[[ Data provided, beginning ]]
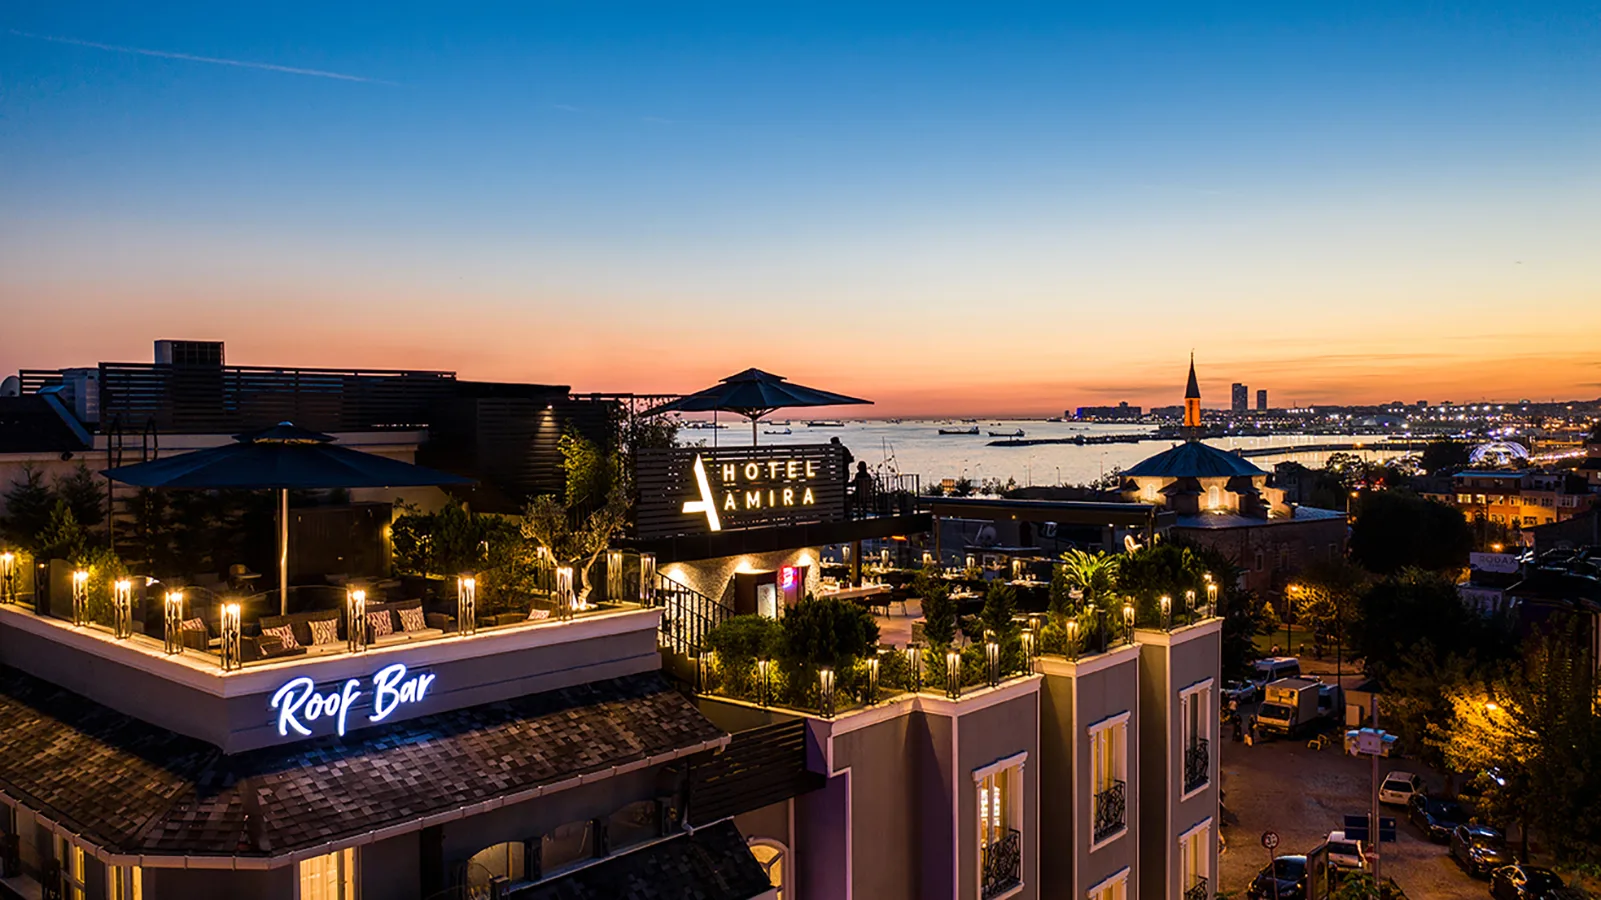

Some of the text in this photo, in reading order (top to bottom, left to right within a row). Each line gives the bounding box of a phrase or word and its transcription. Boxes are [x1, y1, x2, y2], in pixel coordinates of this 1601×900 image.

[723, 460, 816, 481] HOTEL
[724, 488, 815, 511] AMIRA
[271, 663, 436, 737] Roof Bar
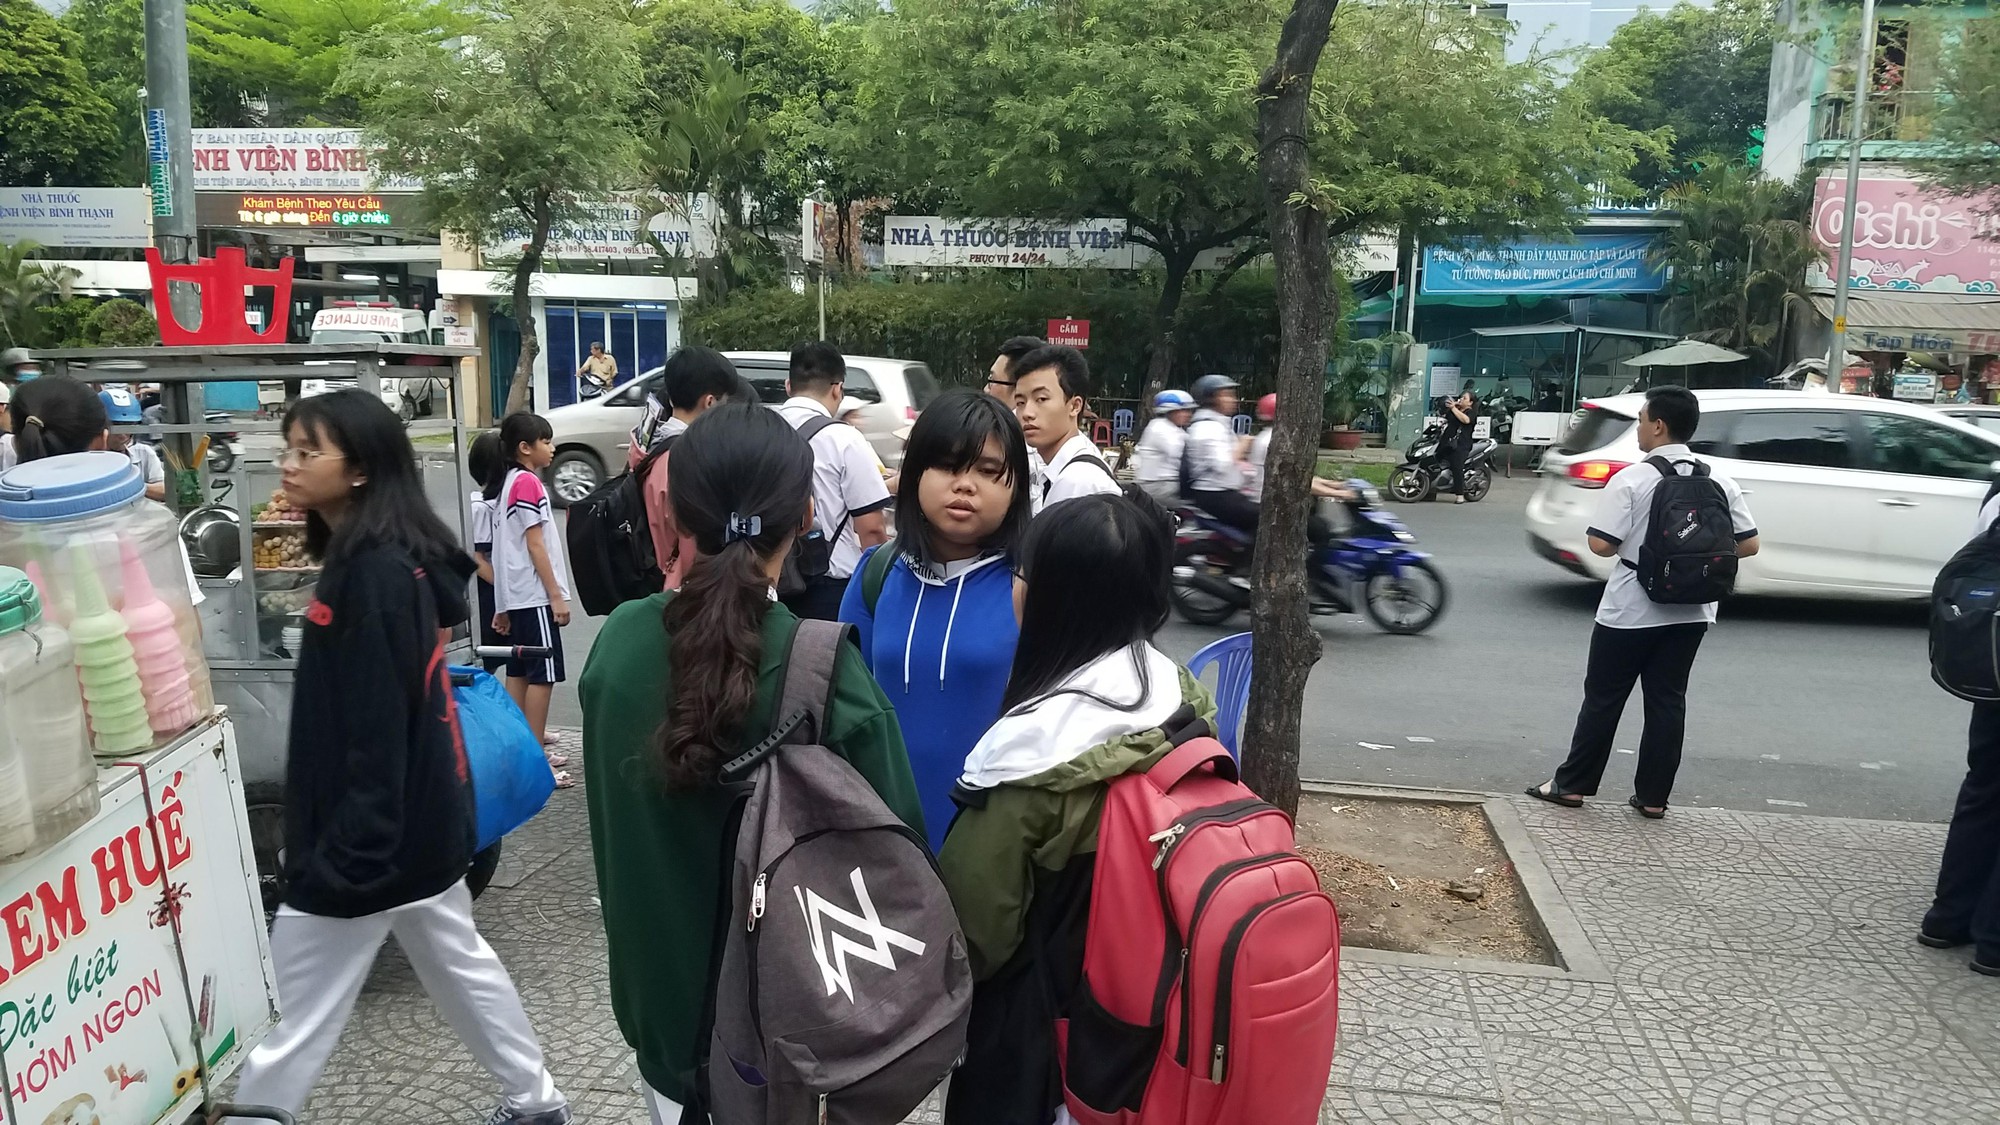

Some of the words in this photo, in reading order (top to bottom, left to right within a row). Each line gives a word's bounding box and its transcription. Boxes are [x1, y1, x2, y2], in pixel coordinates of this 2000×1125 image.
[[ Data provided, end ]]
- _Problem to solve_
Everything in the records should be repeated exactly except the images.

- _Response for this exercise_
Some of the text in this photo, in reading order (top to bottom, left to right within a row). Each line gives the bounding box of a phrase or word and its transcription. Boxes are [x1, y1, x2, y2], in pixel coordinates of this 1601×900 image.

[723, 460, 816, 481] HOTEL
[724, 488, 815, 511] AMIRA
[271, 663, 436, 737] Roof Bar

Some of the words in this photo, in reading order (top to bottom, left to right within a row). Each line gives a word's bounding box and its transcription. Boxes are [x1, y1, x2, y2], in pixel coordinates of this 2000×1125 image.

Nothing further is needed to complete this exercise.